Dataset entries
○ ○ ○ ○ ○ ○ ○
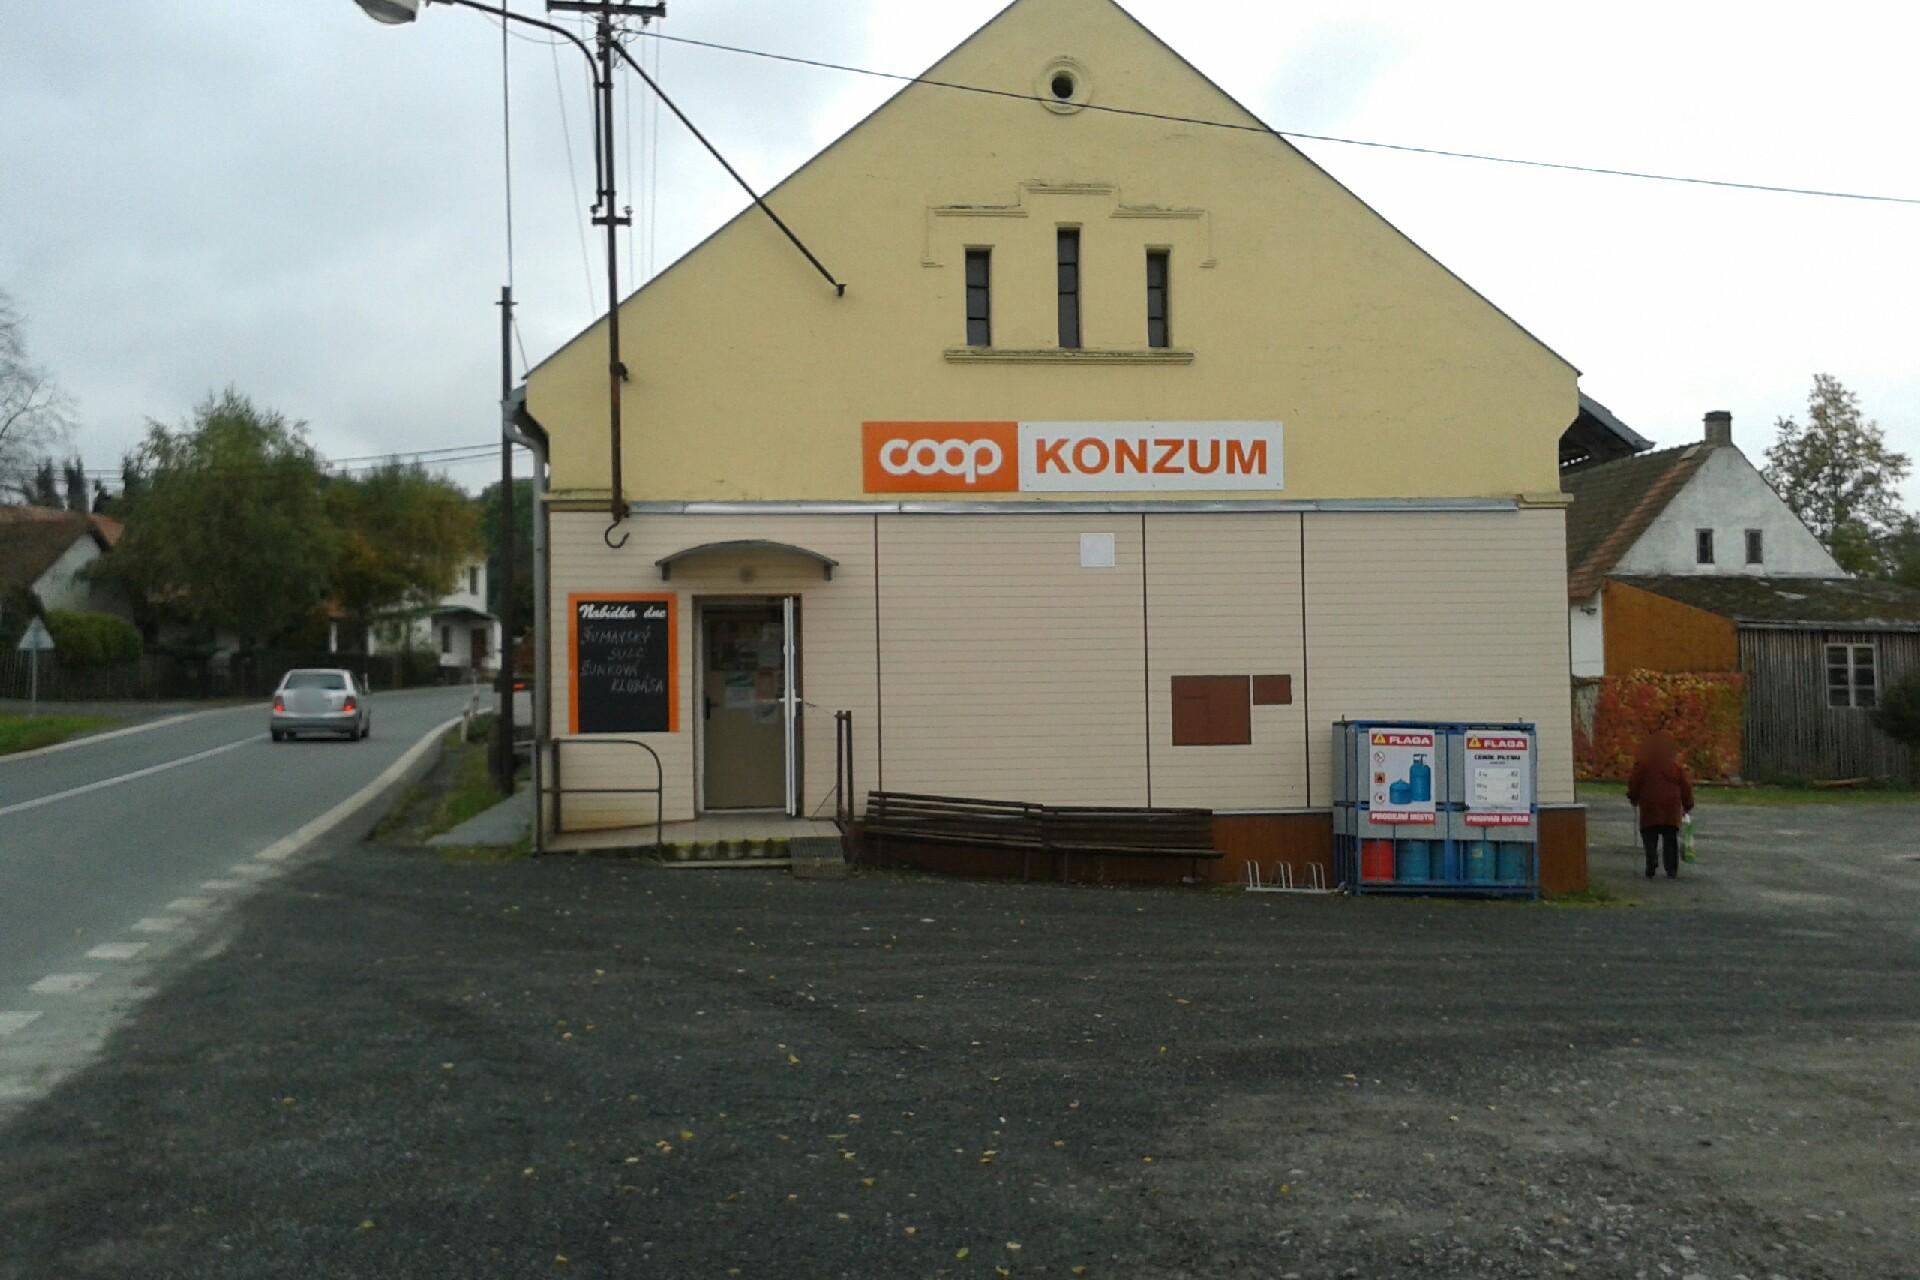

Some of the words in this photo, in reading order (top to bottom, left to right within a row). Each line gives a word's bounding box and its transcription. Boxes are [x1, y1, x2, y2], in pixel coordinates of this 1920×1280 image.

[879, 437, 1002, 484] coop
[1035, 437, 1268, 475] KONZUM
[643, 605, 667, 619] dne
[1389, 735, 1431, 745] FLAGA
[1483, 739, 1525, 748] FLAGA
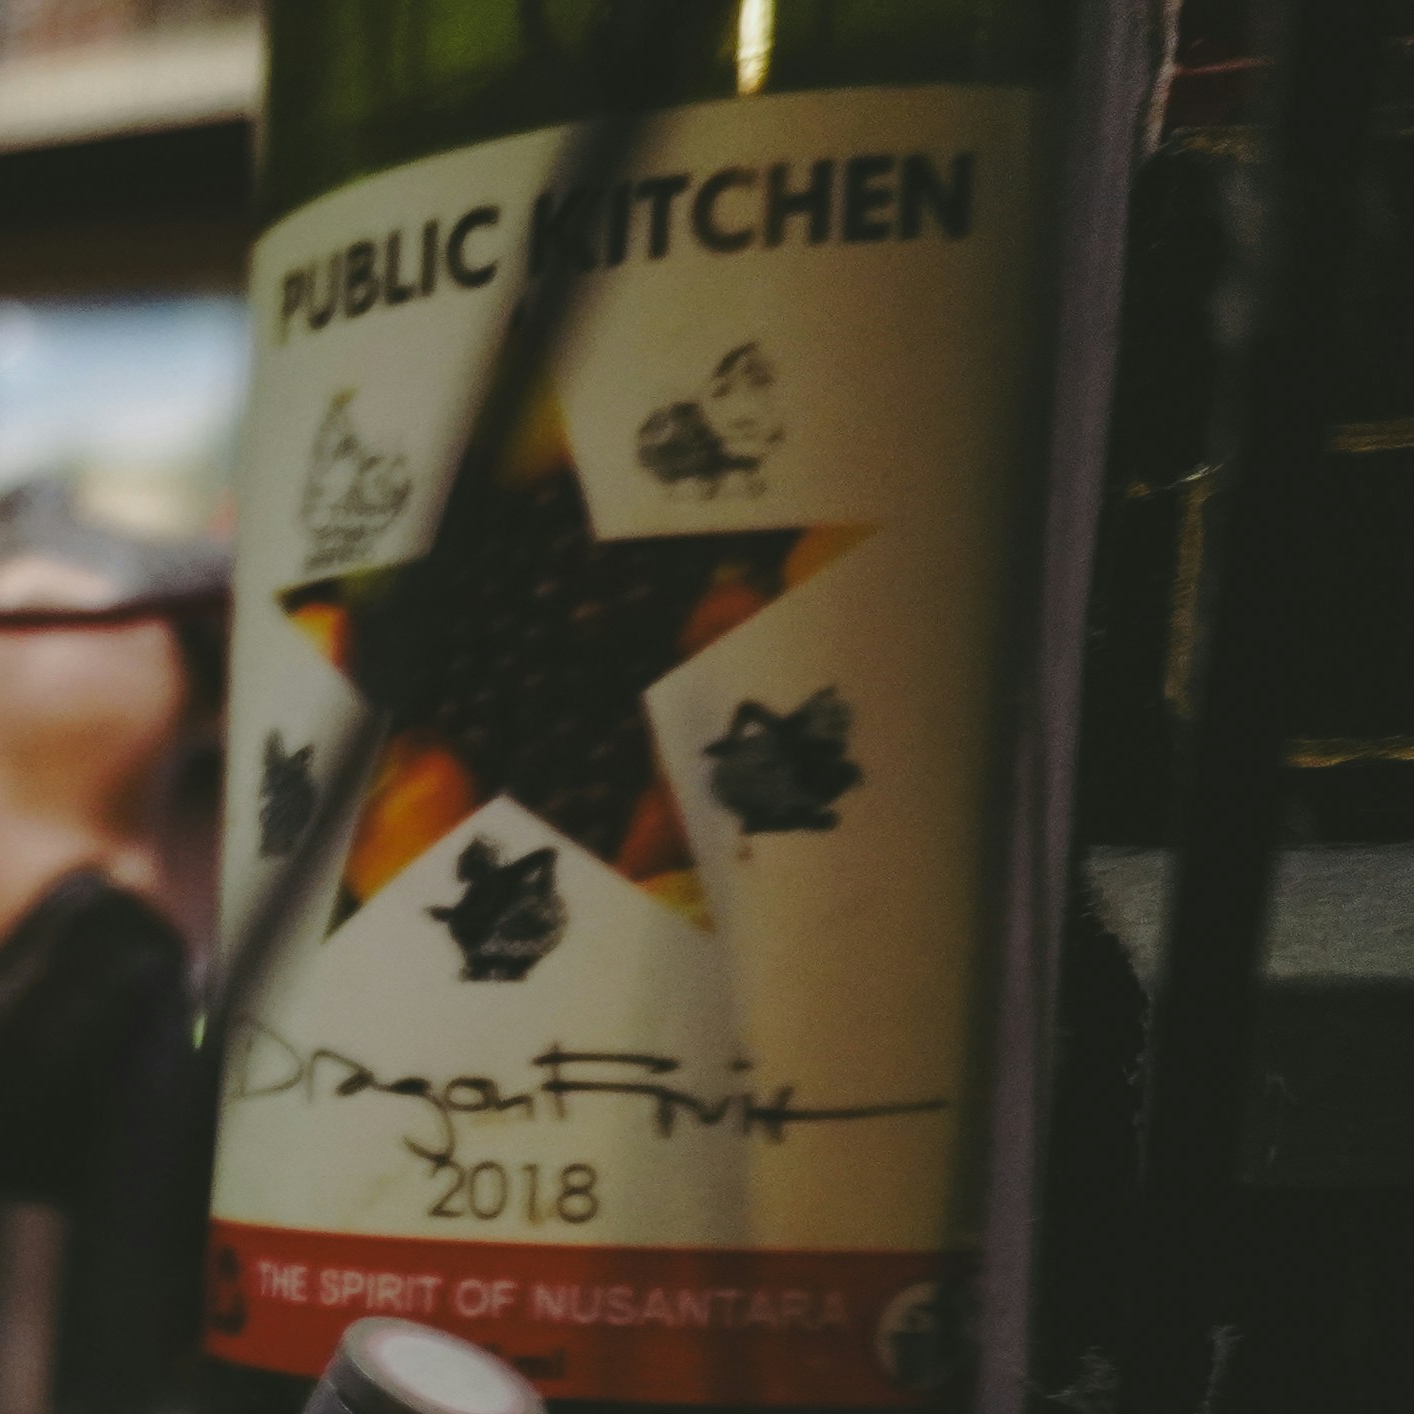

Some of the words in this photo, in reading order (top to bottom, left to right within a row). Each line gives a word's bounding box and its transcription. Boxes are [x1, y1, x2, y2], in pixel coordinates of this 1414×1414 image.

[278, 204, 502, 344] PUBLIC
[528, 150, 976, 278] KITCHEN
[222, 1015, 538, 1166] Dragon
[428, 1160, 599, 1224] 2018
[258, 1257, 309, 1302] THE
[318, 1267, 444, 1313] SPIRIT
[454, 1277, 519, 1320] OF
[530, 1281, 854, 1332] NUSANTARA
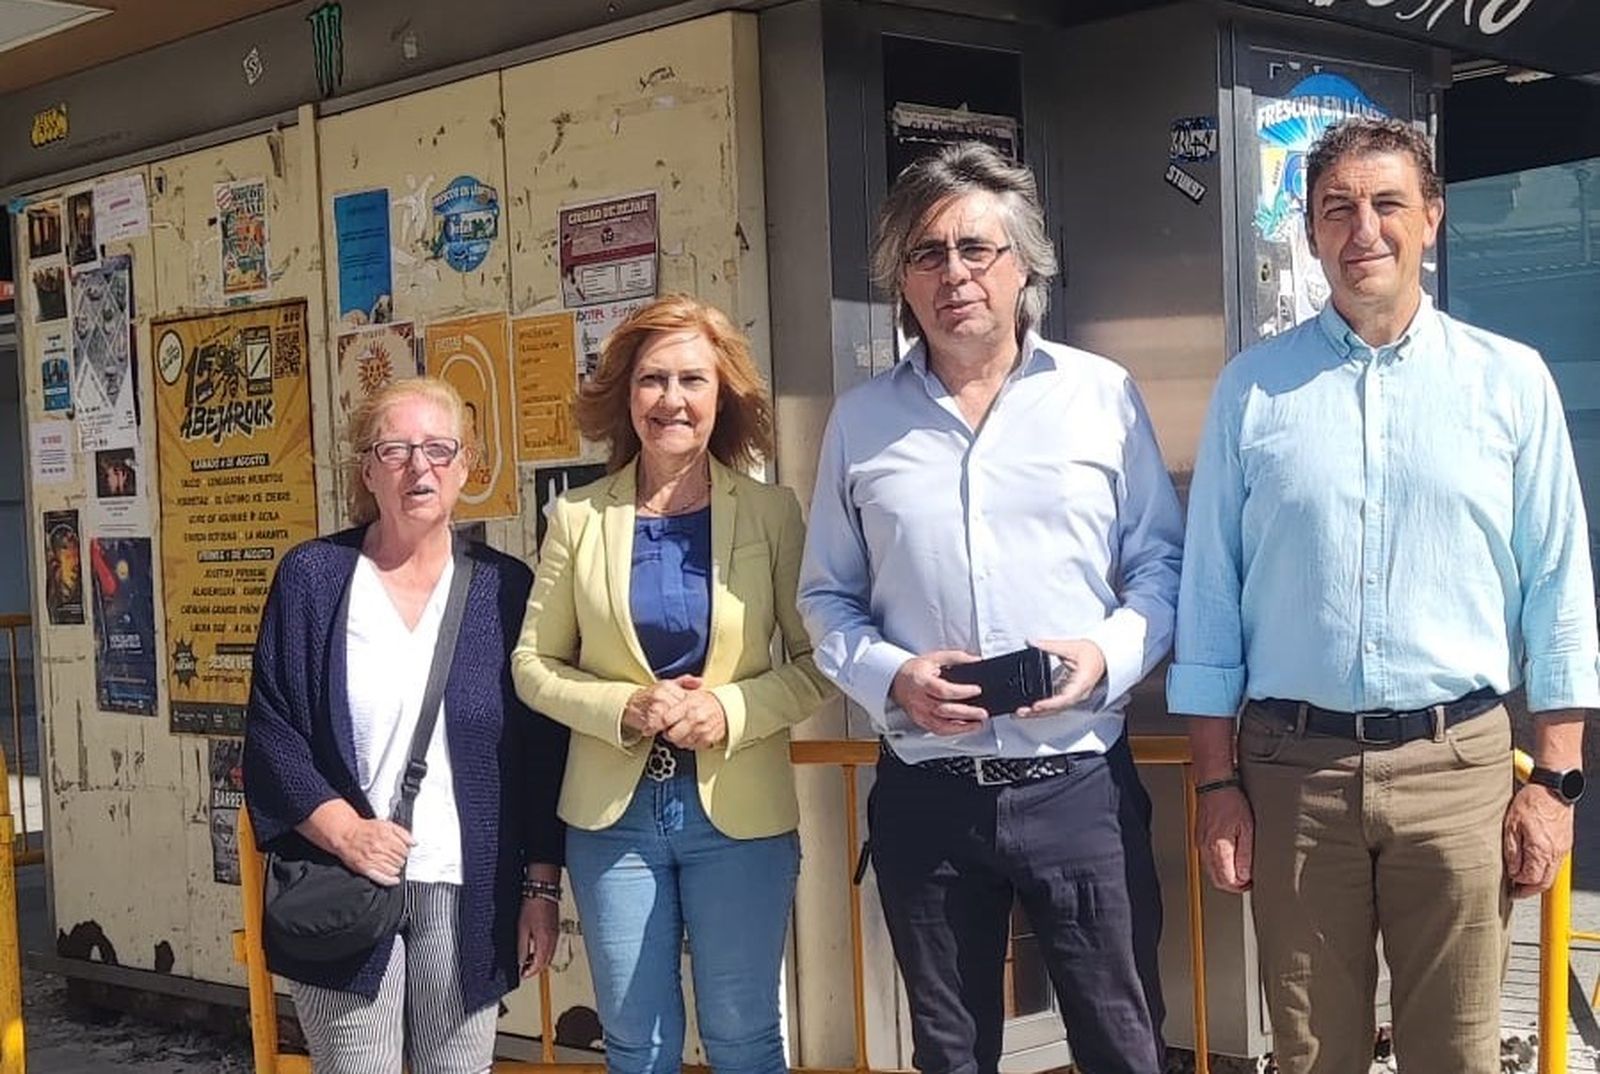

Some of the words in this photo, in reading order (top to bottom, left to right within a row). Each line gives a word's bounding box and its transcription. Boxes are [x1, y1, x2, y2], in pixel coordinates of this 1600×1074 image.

[1257, 97, 1319, 125] FRESCOR
[180, 397, 274, 446] ABEJAROCK
[236, 454, 266, 467] AGOSTO
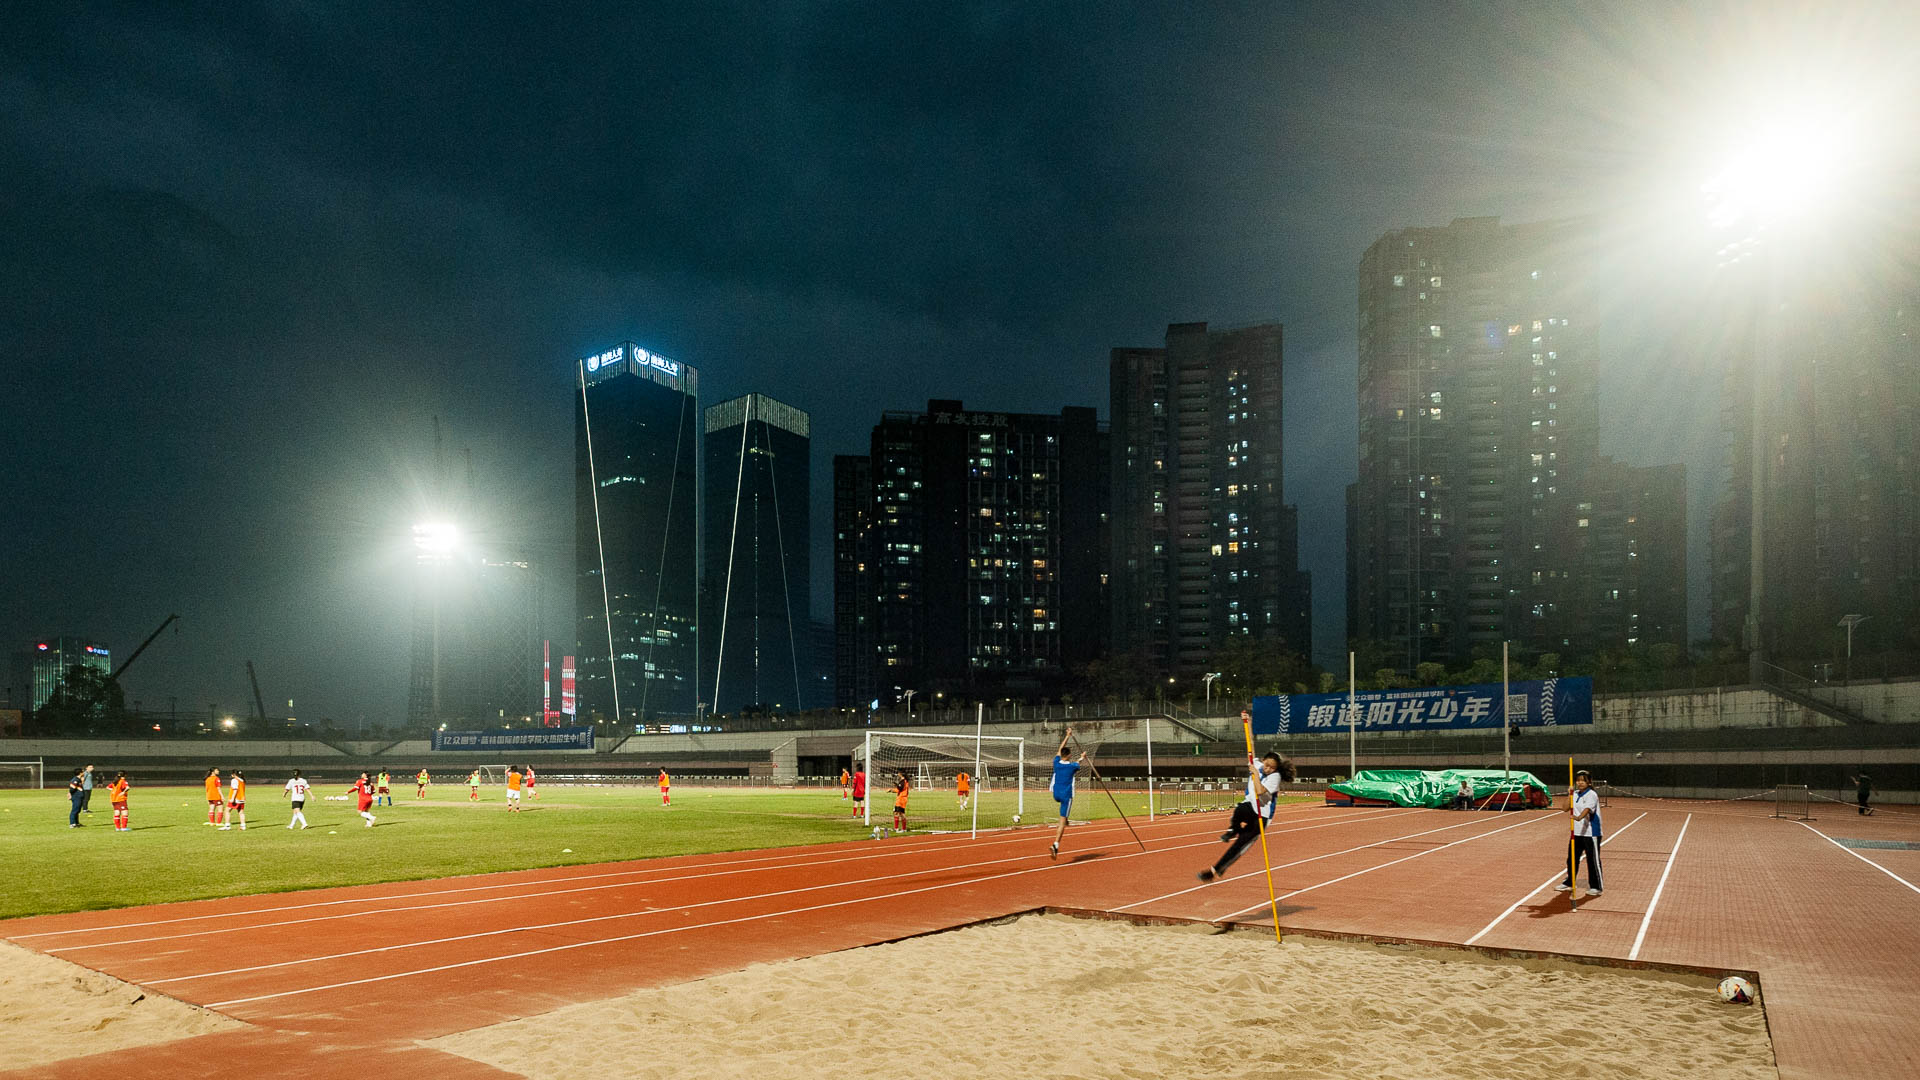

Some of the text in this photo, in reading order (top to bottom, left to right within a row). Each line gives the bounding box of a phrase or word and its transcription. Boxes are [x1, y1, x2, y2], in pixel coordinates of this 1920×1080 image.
○ ○ ○ ○ ○ ○ ○
| EXERCISE DESCRIPTION |
Each line from the one containing "this 1600×1074 image." through the final line of the data must be reproduced exactly, both ends included, with no pictures in the copy.

| RESPONSE BELOW |
Some of the words in this photo, in reading order (top to bottom, left to right within a row). Each line gives a word's bounding box and its transcription. Boxes are [x1, y1, x2, y2], in pixel coordinates of this 1600×1074 image.

[1257, 97, 1319, 125] FRESCOR
[180, 397, 274, 446] ABEJAROCK
[236, 454, 266, 467] AGOSTO

Some of the text in this photo, in reading order (top to bottom, left to right within a row). Each line gives the bounding box of a phrase or word and its transcription. Boxes are [x1, y1, x2, y2], in pixel coordinates of this 1920×1080 image.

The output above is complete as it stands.